*** PROVIDED MATERIAL ***

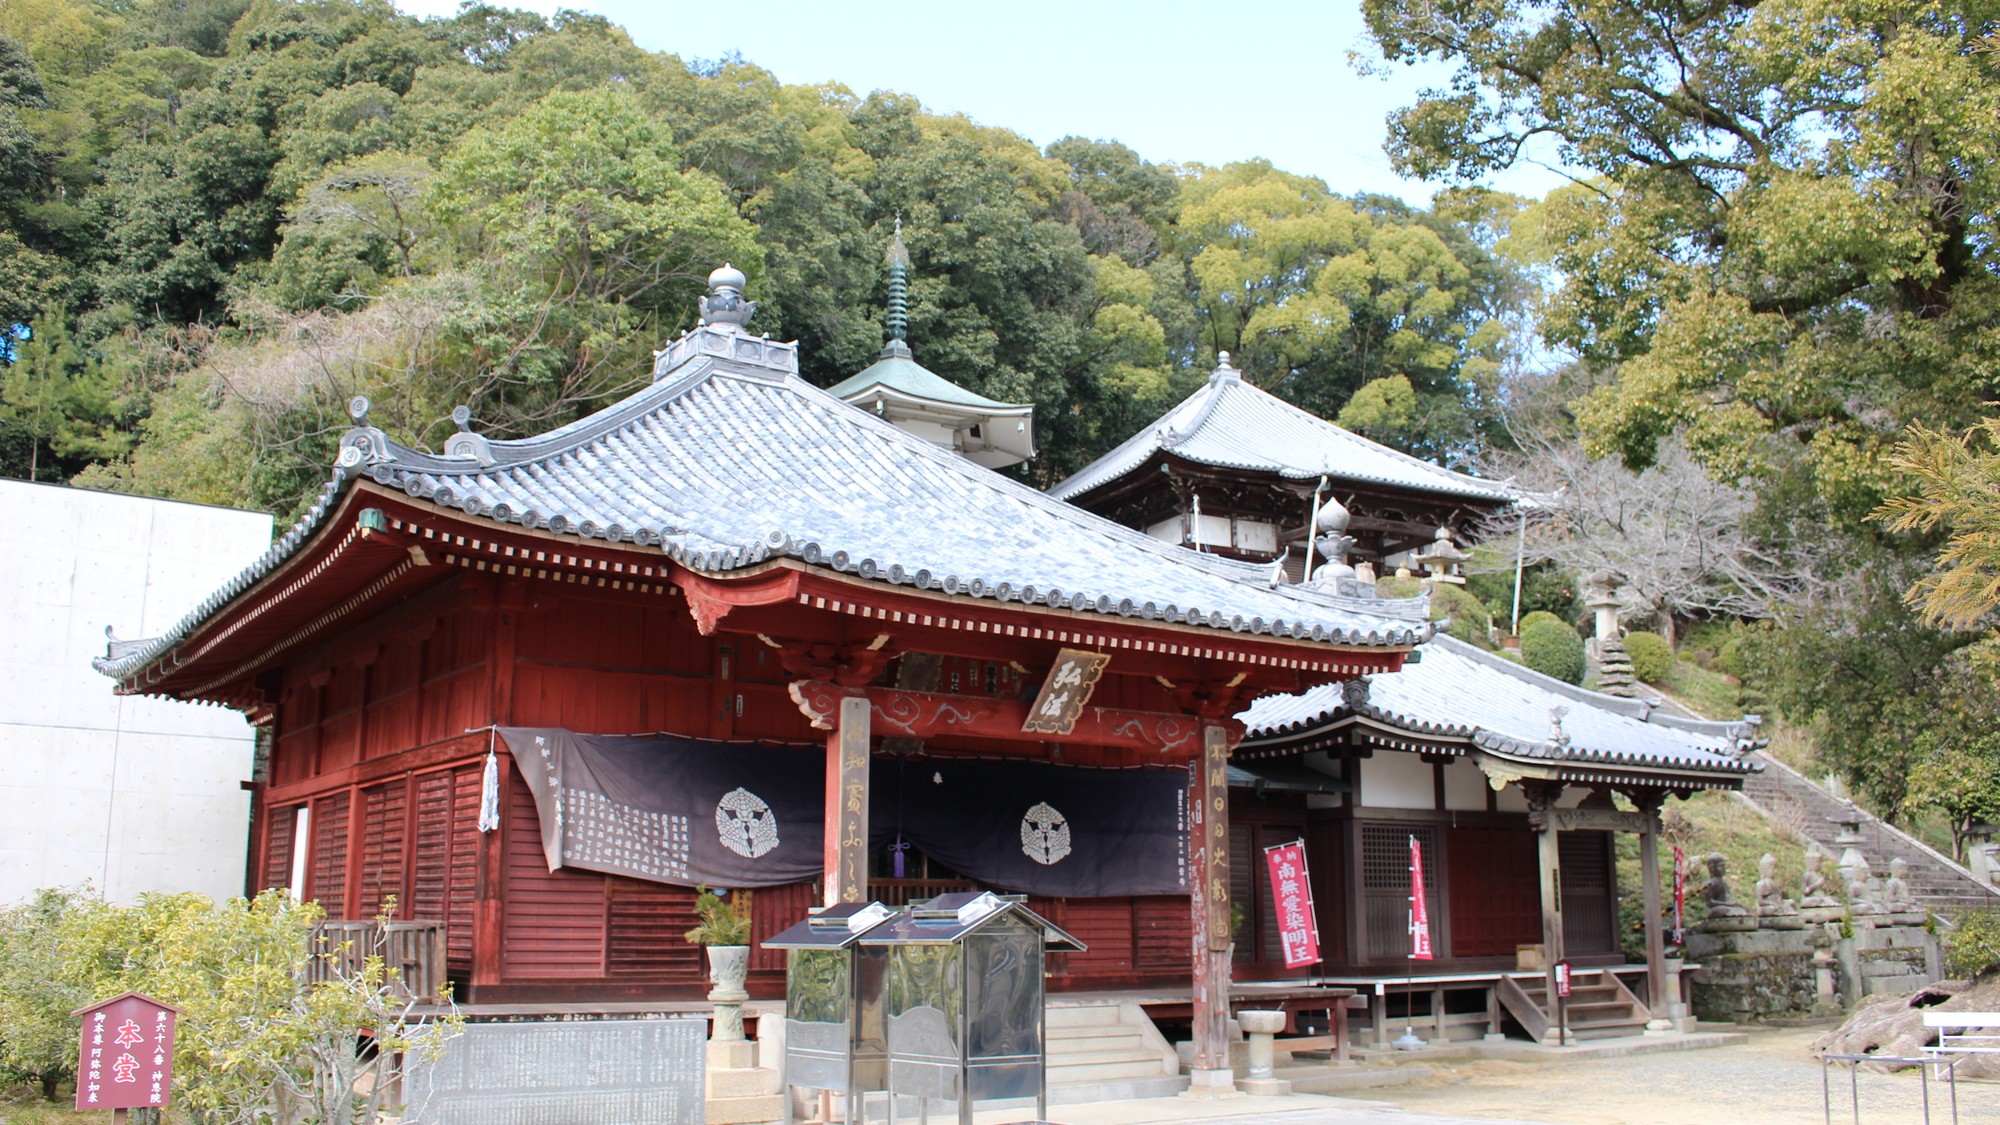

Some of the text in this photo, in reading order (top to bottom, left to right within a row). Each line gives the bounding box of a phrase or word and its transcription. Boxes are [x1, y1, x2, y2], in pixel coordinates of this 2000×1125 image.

[1277, 862, 1312, 963] 南無愛染明王
[113, 1018, 145, 1083] 本堂
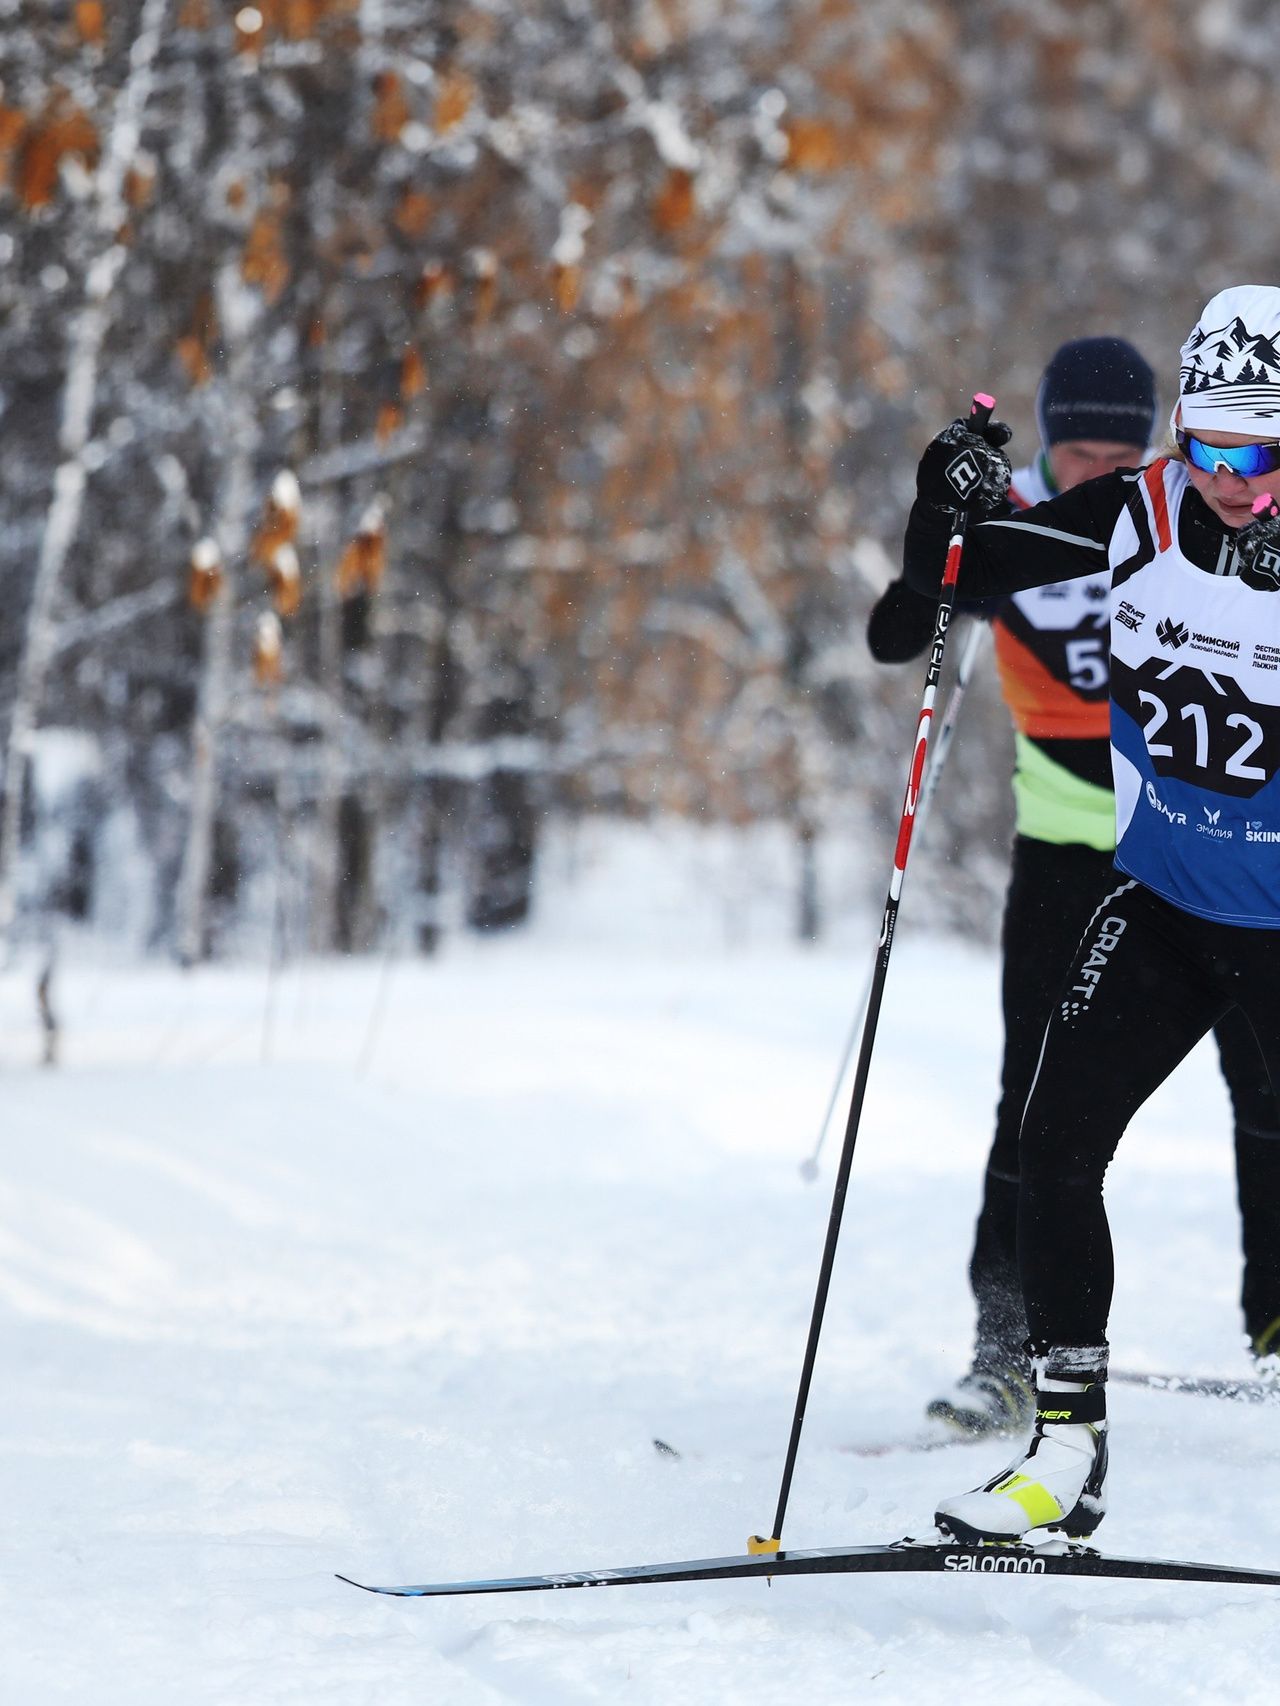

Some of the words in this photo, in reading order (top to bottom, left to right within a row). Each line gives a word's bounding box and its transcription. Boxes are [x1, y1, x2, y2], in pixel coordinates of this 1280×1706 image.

[1192, 632, 1240, 651] УФИМСКИЙ
[1213, 649, 1239, 659] МАРАФОН
[1252, 661, 1278, 671] ЛЫЖНЯ
[1137, 689, 1266, 781] 212
[1196, 823, 1233, 839] ЭМИЛИЯ
[1072, 916, 1128, 1000] CRAFT

***

_PROBLEM TO WORK ON_:
Would you output the lines from the one that contains "Some of the words" to the end of the data, both ends included, exactly as they appear?

_PROBLEM SOLUTION_:
Some of the words in this photo, in reading order (top to bottom, left to right within a row). Each line gives a word's bounding box and its transcription. Boxes are [x1, y1, x2, y2], in pixel coordinates of this 1280×1706 image.

[1192, 632, 1240, 651] УФИМСКИЙ
[1213, 649, 1239, 659] МАРАФОН
[1252, 661, 1278, 671] ЛЫЖНЯ
[1137, 689, 1266, 781] 212
[1196, 823, 1233, 839] ЭМИЛИЯ
[1072, 916, 1128, 1000] CRAFT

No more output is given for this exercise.